La réorganisation de la première ligne social-santé et de l’ambulatoire bruxellois est pavée de bonnes intentions. Les professionnel.les des différents secteurs n’ont plus qu’à se rencontrer, faire connaissance les un.es, les autres, s’inscrire dans des dynamiques de réseaux, articuler leurs pratiques respectives, développer des approches intersectorielles, mettre en place des démarches de santé communautaire, faire participer activement les citoyens-usagers au système socio-sanitaire, etc. Si de telles stratégies d’actions sont reconnues comme efficaces pour réduire les inégalités de santé et avoir des effets durables en termes d’équité sociale et de santé1, leur opérationnalisation est parfois loin d’être une sinécure, notamment, parce que leur évaluation a souvent davantage porté sur les effets de ces actions et moins sur la manière dont elles ont été élaborées et mises en œuvre.
Or, ces pratiques ont souvent été initiées et développées dans des conditions particulières (partenariat avec des équipes de recherche, intérêt de professionnel.le.s souhaitant solutionner des difficultés rencontrées dans leur métier, subsidiation supplémentaire pour réaliser un projet pilote, organisation des politiques publiques du pays où les interventions sont mises en place, etc.) qui font que leur reproduction à l’identique présente un caractère « utopique » nécessitant de les adapter à la spécificité du contexte d’intervention2. Sur ce point, le processus de réorganisation de la première ligne bruxelloise risque d’être parsemé d’embûches et de freins, notamment parce qu’il implique des changements structurels importants dans la manière dont est organisé notre système d’aide et de soins ; système davantage caractérisé par une stratification sociale entre les secteurs, un développement segmentaire et différencié des secteurs marqué vraisemblablement, comme chez nos voisins français, par « des divergences entre approches conceptuelles, cultures professionnelles, orientations idéologiques3 ».
« La prise en charge de la santé des personnes précarisées n’est pas qu’une simple question de soins mais couvre toute une série de caractéristiques environnementales et personnelles. »
Au-delà d’une réforme de nos politiques sociales santé, la « révolution » des pratiques, induite par le Plan Social Santé Intégré, implique des changements importants à plusieurs niveaux.
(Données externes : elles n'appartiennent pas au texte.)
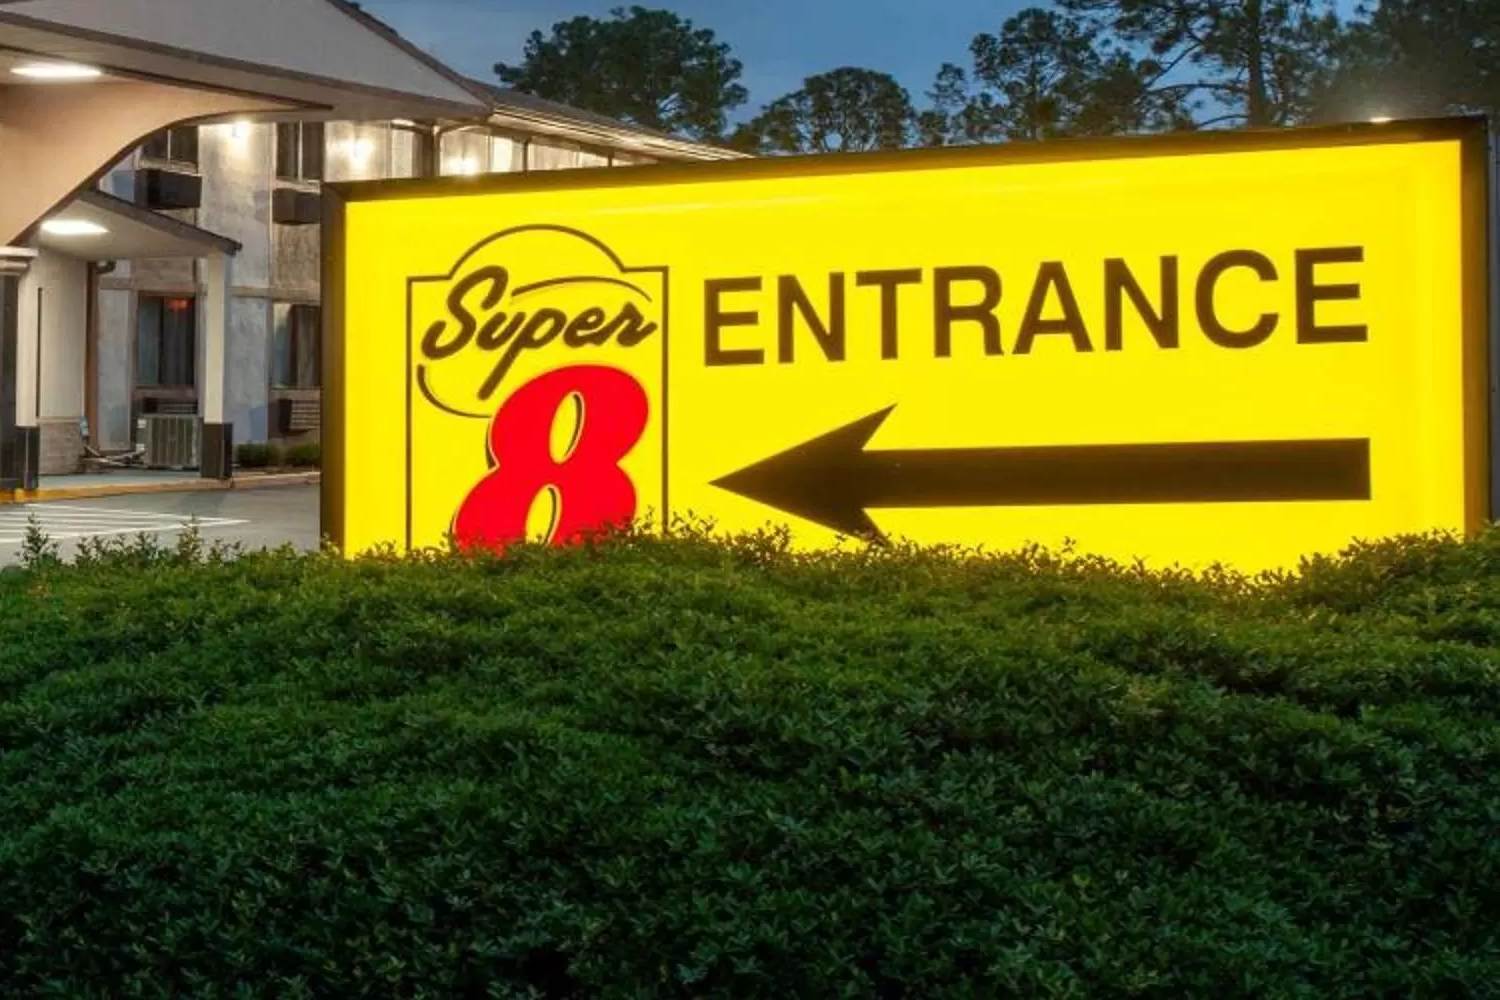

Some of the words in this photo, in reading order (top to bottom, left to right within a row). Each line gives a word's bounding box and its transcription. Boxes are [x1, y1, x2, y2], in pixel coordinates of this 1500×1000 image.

Sur le plan des professionnel.les, elle nécessite d’abord, d’avoir conscience que les inégalités résultent, non seulement des caractéristiques socio-économiques des populations précarisées et de leurs conditions de vie mais aussi du fonctionnement même du système de soins et de l’aide à leur égard, de la manière dont, en tant que professionnel.les, nous interagissons avec ces populations et participons, involontairement, à l’accentuation de ces inégalités. Ensuite, elle requiert d’avoir conscience de notre intérêt à investir ensemble ces deux pôles d’action si nous voulons réduire ces inégalités et développer une approche inclusive de la santé bénéficiant à toutes les strates de la population. Enfin, une fois cette conscience acquise, il reste à la traduire en application pratique, à déployer des interventions où la prise en charge de la santé des personnes précarisées n’est pas qu’une simple question de soins mais couvre toute une série de caractéristiques environnementales et personnelles qui vont influer, plus ou moins fortement, sur leur état de santé et leur capacité à l’améliorer : (non) accès aux services et infrastructures de proximité, conditions de logements, place sur le marché du travail, niveau d’instruction, capacité à comprendre l’organisation du système de soins, ressources sociales présentes dans l’entourage, maîtrise des nouvelles technologies, habitudes de vie, etc. Cette prise en charge nécessite donc de pouvoir adapter sa pratique en y intégrant des problématiques qui relèvent d’autres disciplines, en développant des approches intersectorielles et interdisciplinaires, en définissant de nouvelles façons de travailler en marge des pratiques instituées.
« Nous pouvons très bien avoir conscience de la nécessité de changer nos manières d’agir mais nous n’avons pas appris à le faire. »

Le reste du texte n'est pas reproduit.